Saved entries
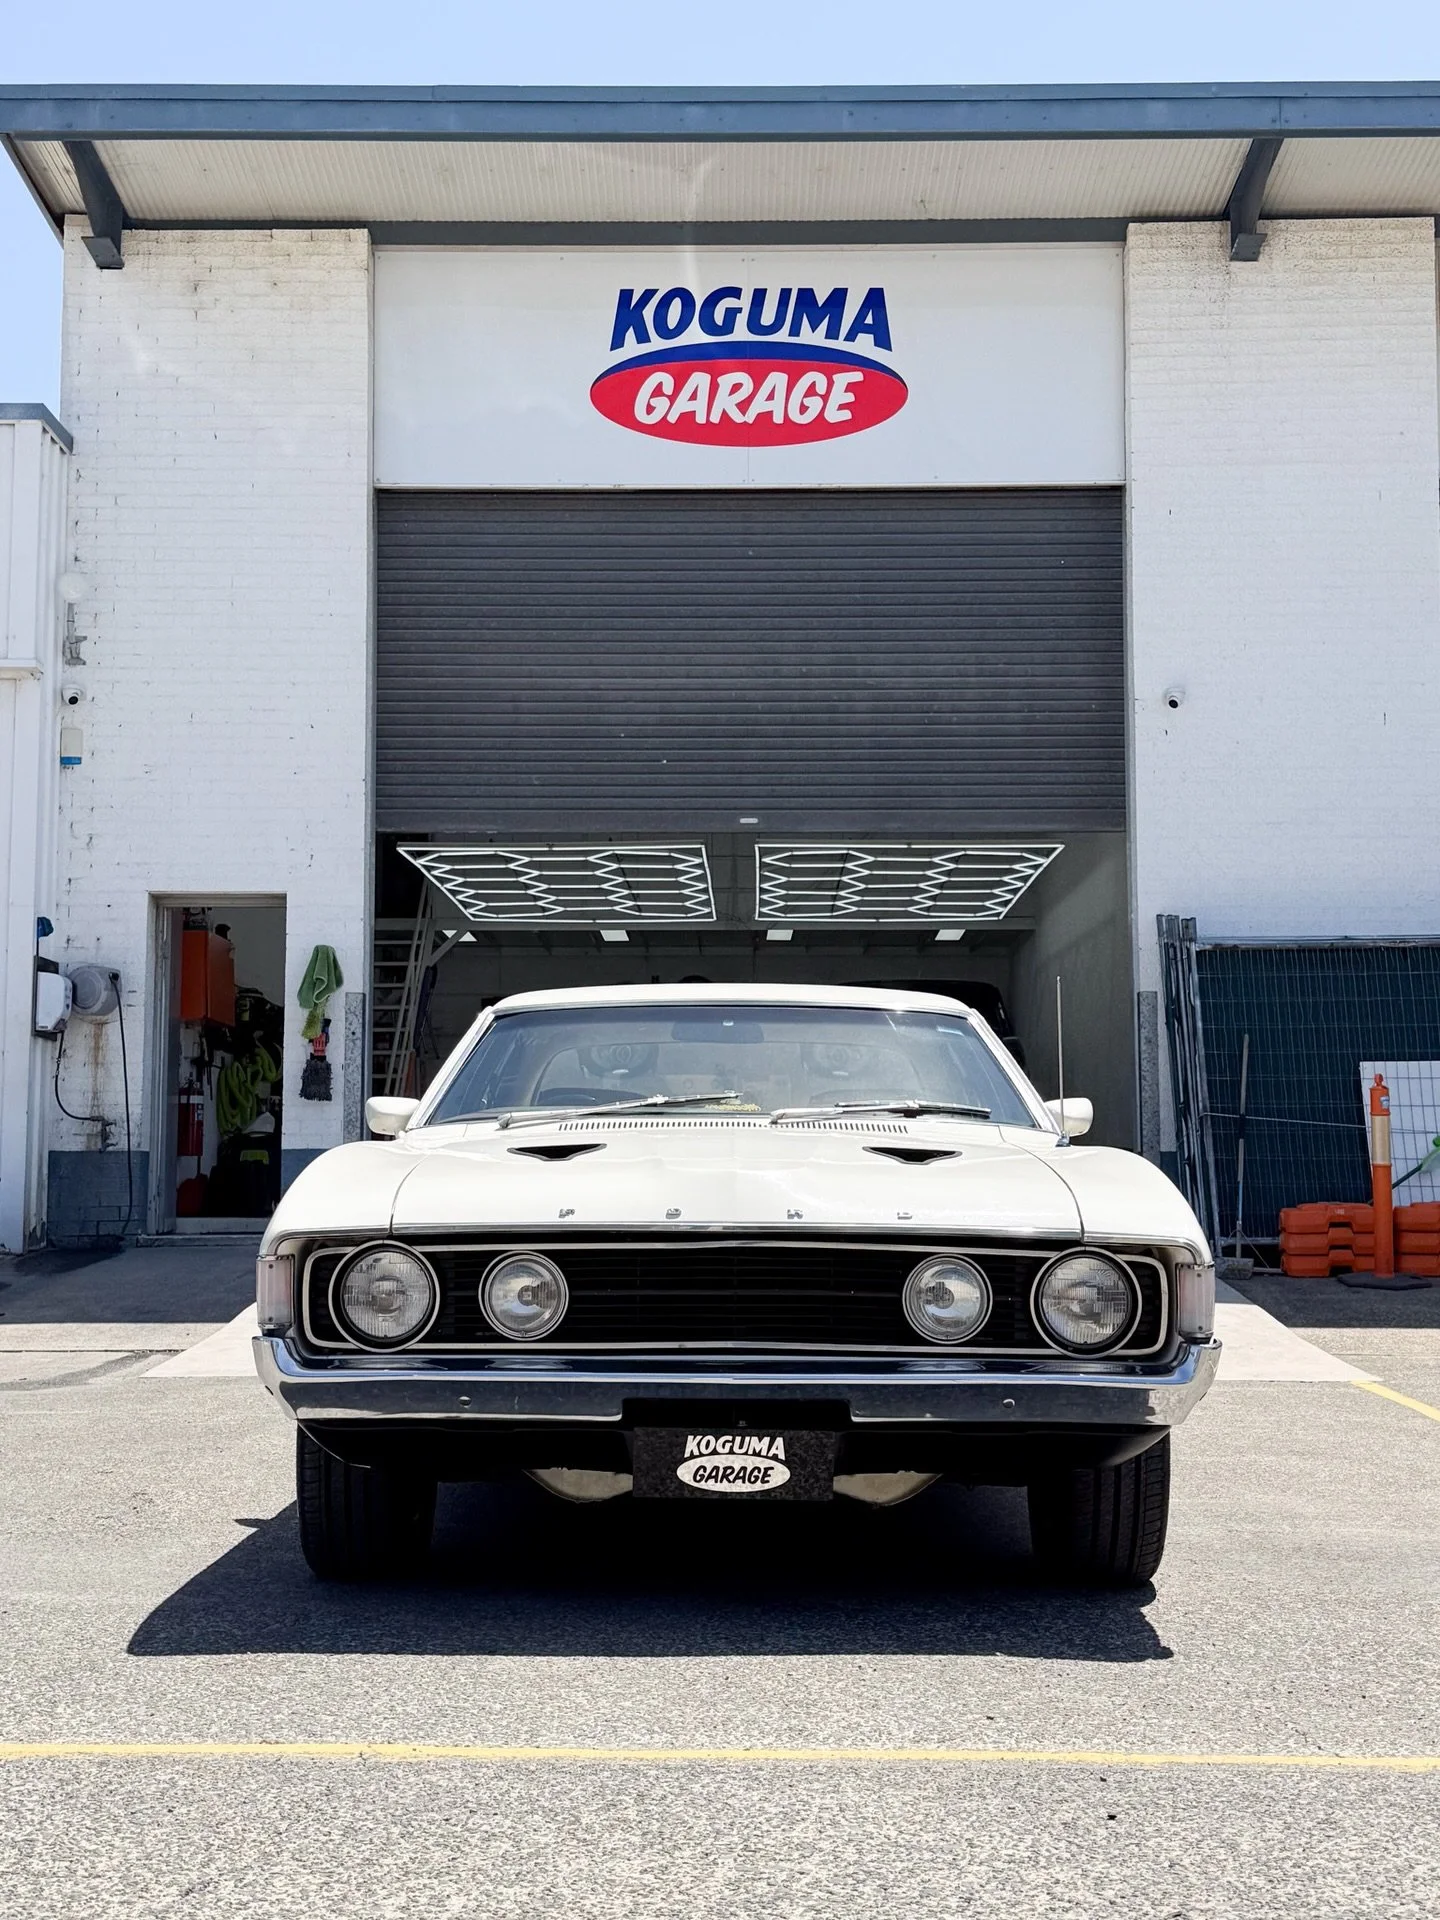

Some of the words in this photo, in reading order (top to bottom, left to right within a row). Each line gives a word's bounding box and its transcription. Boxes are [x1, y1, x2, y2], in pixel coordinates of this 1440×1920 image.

[610, 286, 892, 352] KOGUMA
[633, 371, 864, 424] GARAGE
[684, 1435, 786, 1461] KOGUMA
[692, 1465, 775, 1484] GARAGE

* INSTRUCTIONS TO FOLLOW *
Each line above should be printed again exactly, though the pictures should not be.

* ANSWER SECTION *
Some of the words in this photo, in reading order (top to bottom, left to right within a row). Each line gives a word's bounding box and its transcription. Boxes are [x1, y1, x2, y2], in pixel coordinates of this 1440×1920 image.

[610, 286, 892, 352] KOGUMA
[633, 371, 864, 424] GARAGE
[684, 1435, 786, 1461] KOGUMA
[692, 1465, 775, 1484] GARAGE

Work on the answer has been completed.